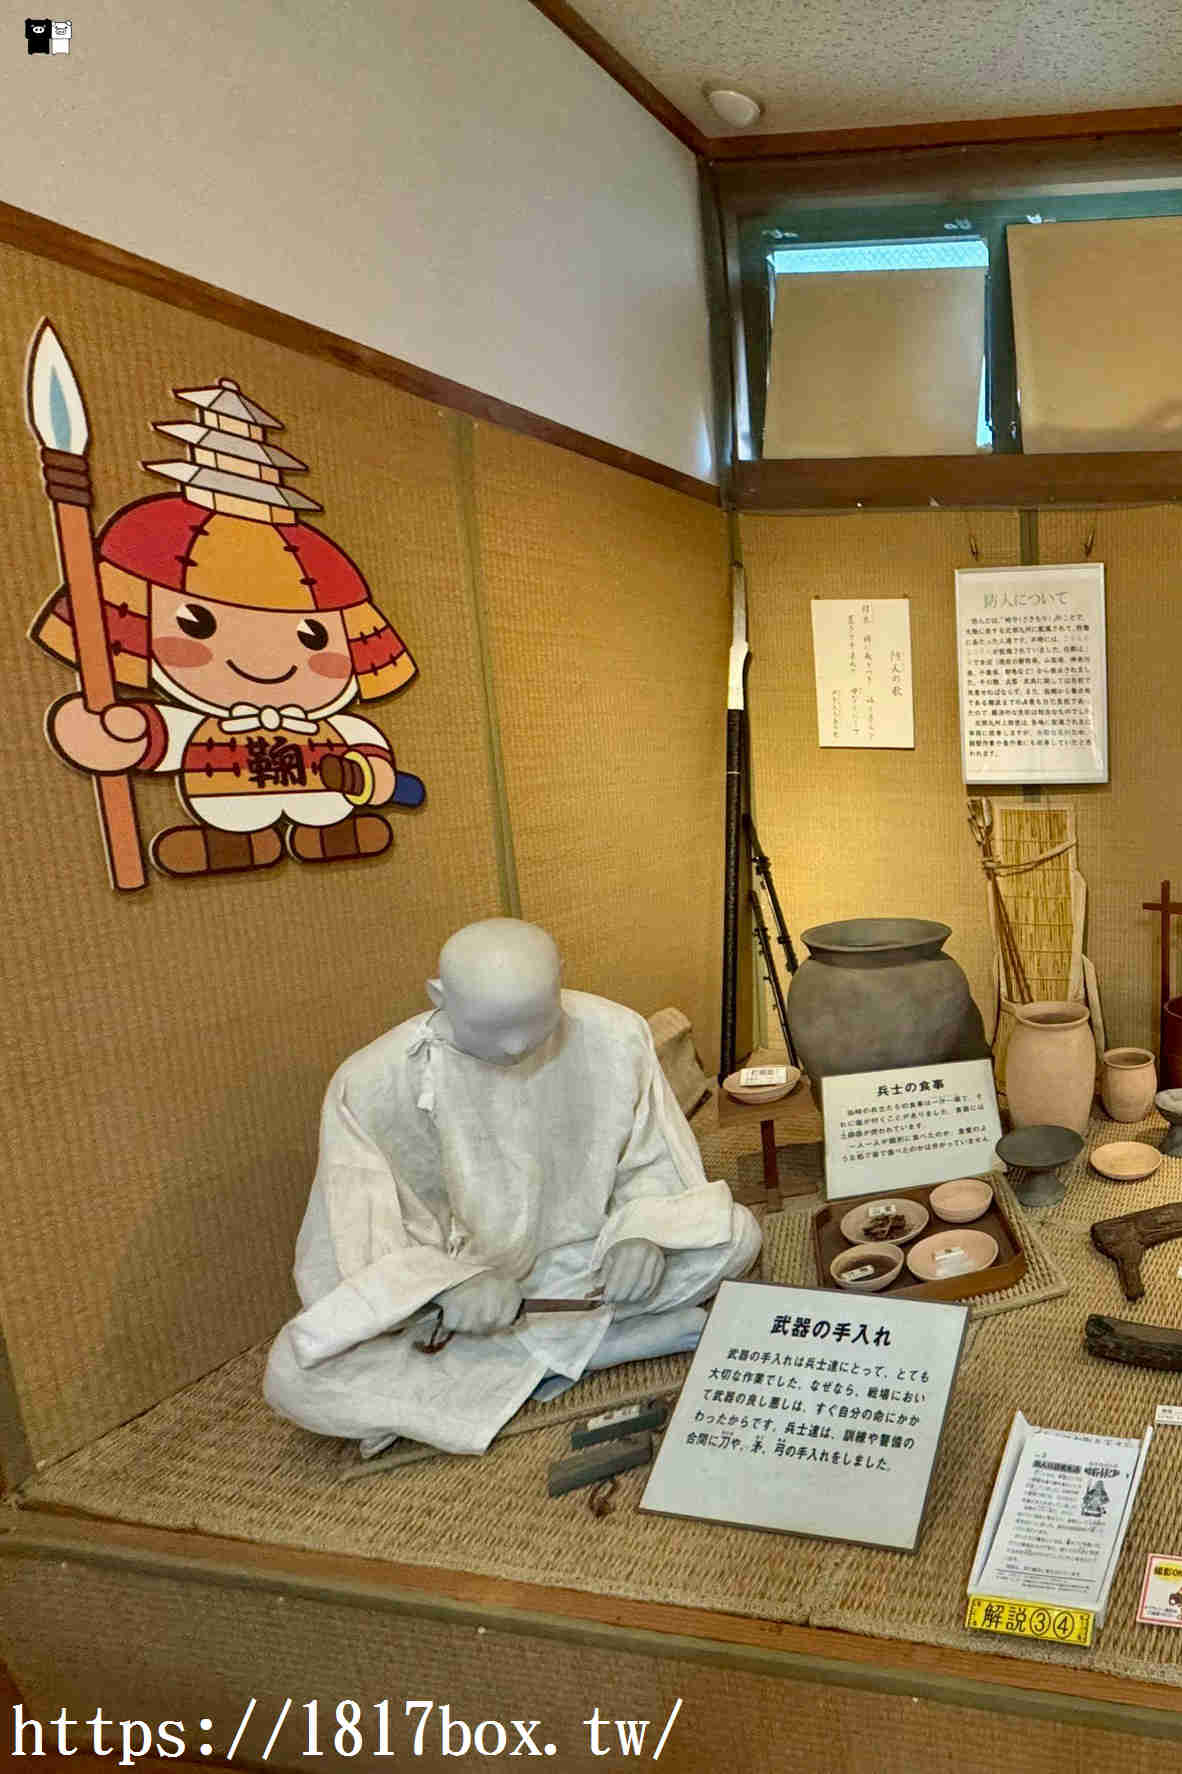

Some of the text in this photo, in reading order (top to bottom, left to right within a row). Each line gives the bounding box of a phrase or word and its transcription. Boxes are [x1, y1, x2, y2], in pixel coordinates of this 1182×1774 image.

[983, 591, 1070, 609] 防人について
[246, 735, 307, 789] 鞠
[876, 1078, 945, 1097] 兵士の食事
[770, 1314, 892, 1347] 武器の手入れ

==*==

EXERCISE: If a line holds an image, leave the image out; retype everything else in the entries exactly.

TASK ANSWER:
Some of the text in this photo, in reading order (top to bottom, left to right within a row). Each line gives the bounding box of a phrase or word and its transcription. Boxes are [x1, y1, x2, y2], in pixel coordinates of this 1182×1774 image.

[983, 591, 1070, 609] 防人について
[246, 735, 307, 789] 鞠
[876, 1078, 945, 1097] 兵士の食事
[770, 1314, 892, 1347] 武器の手入れ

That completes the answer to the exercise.